Une fois par an, 9 amateurs (formant le groupe astucieusement nommé « du mercredi ») se réunissent dans un restaurant bien choisi, afin de fêter dignement le temps qui passe, les années qui s’accumulent et (surtout) le plaisir du partage.

Cette année, c’était aujourd’hui (j’en reviens à l’instant) et c’était chez Bruneau, à quelques encablures de notre mâââgnifique basilique.
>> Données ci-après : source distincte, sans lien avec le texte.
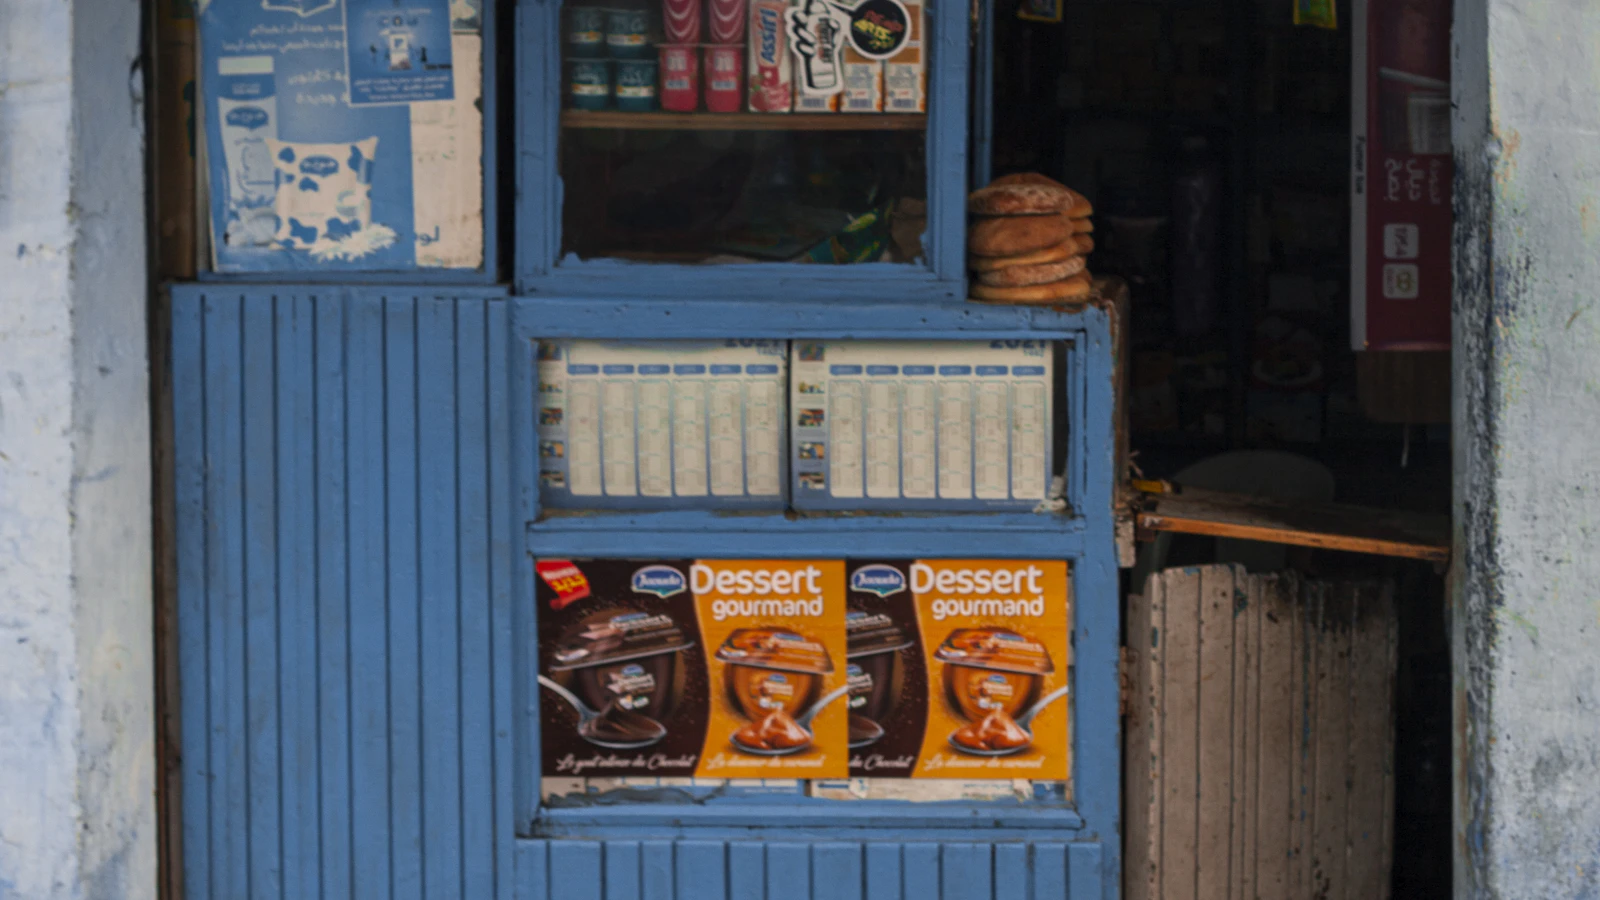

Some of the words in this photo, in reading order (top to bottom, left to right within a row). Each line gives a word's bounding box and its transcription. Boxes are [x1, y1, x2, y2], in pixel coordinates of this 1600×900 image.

[689, 564, 822, 595] Dessert
[909, 563, 1043, 594] Dessert
[712, 596, 824, 621] gourmand
[931, 595, 1045, 621] gourmand
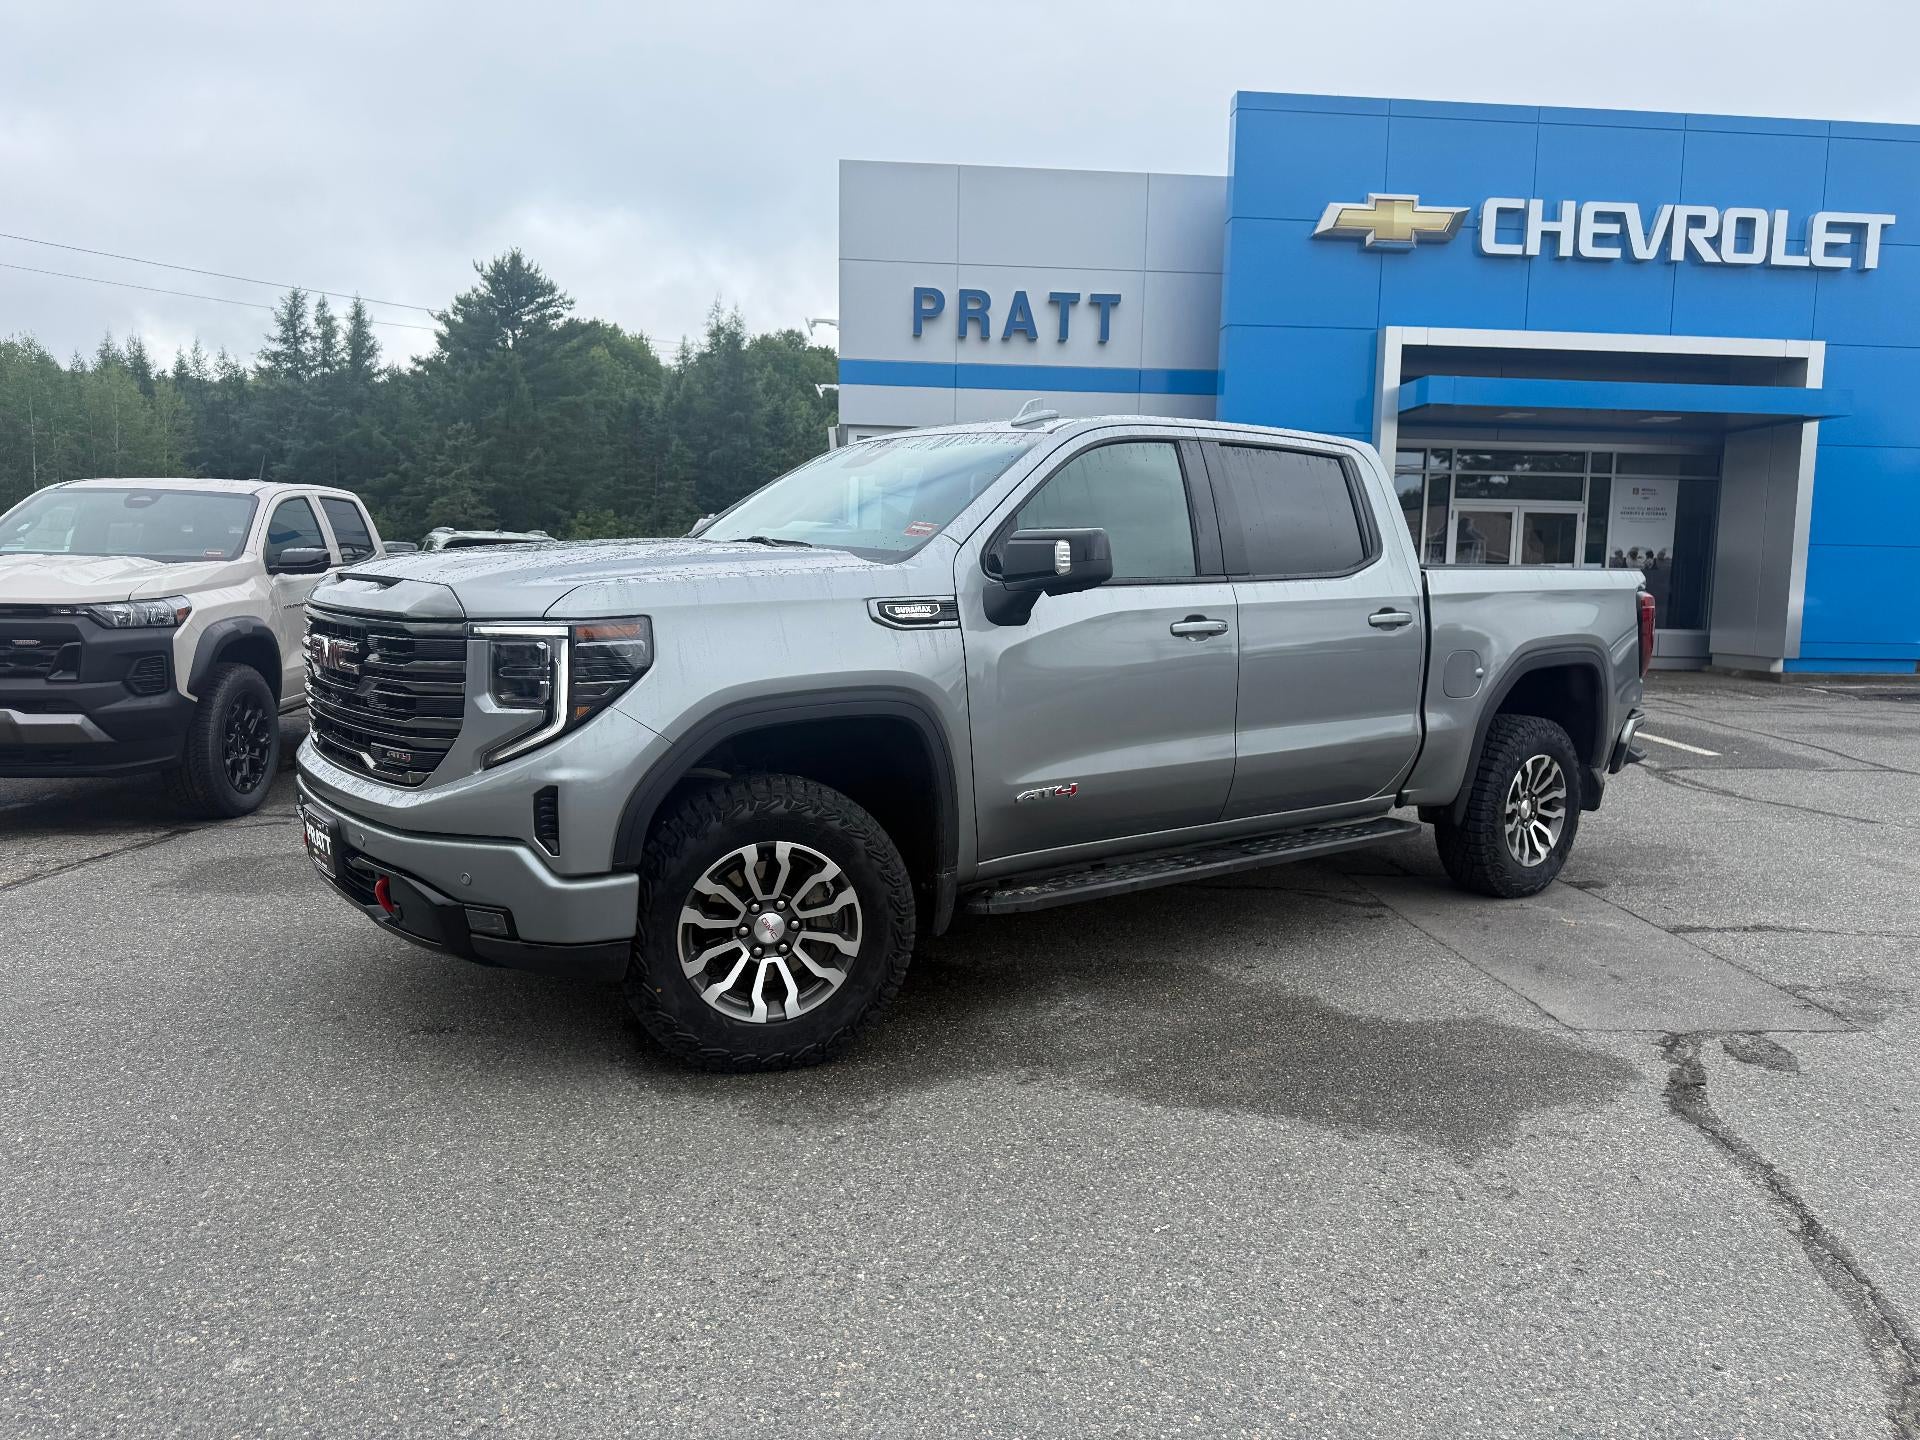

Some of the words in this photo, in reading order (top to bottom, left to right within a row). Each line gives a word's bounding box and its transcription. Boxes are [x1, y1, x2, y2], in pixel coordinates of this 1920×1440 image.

[1480, 197, 1897, 270] CHEVROLET
[912, 286, 1122, 343] PRATT
[894, 605, 932, 614] DURAMAX
[310, 633, 360, 676] GMC
[1015, 782, 1079, 802] AT4
[305, 820, 331, 856] PRATT
[761, 917, 779, 941] GMC
Ci-dessous le menu et les bouteilles que nous avons emmenées, en provenance directe de nos caves respectives.

Aucun vin n’a déçu. Certaines bouteilles ont eu besoin de temps pour se révéler, d’autres ont été appréciées différemment avant et pendant le plat. J’ai indiqué mon meilleur accord d’un astérisque (*).

Certains plats nous ont laissés perplexes (le homard un peu masqué par la friture dite « tempura », le côté « too much » de la composition St-Jacques, foie gras et truffe noire), d’autres ont recueilli moult applaudissements (la cuisson du pigeon, la puissance du lièvre).

Très bon moment. On devrait reprendre le débat « Led Zeppelin » vs « Simple Minds » vs « Archive » là où nous l’avons laissé…

PETITE DÉGUSTATION APÉRITIVE (javanais de foie gras et anguille fumée ; gratin de langoustines ; velouté de chicons)
Champagne Jacques Lassaigne Le Cotet – extra brut – blanc de blancs NM
Champagne Pierre Moncuit – grand cru – blanc de blancs 2000 (malheureusement bouchonné)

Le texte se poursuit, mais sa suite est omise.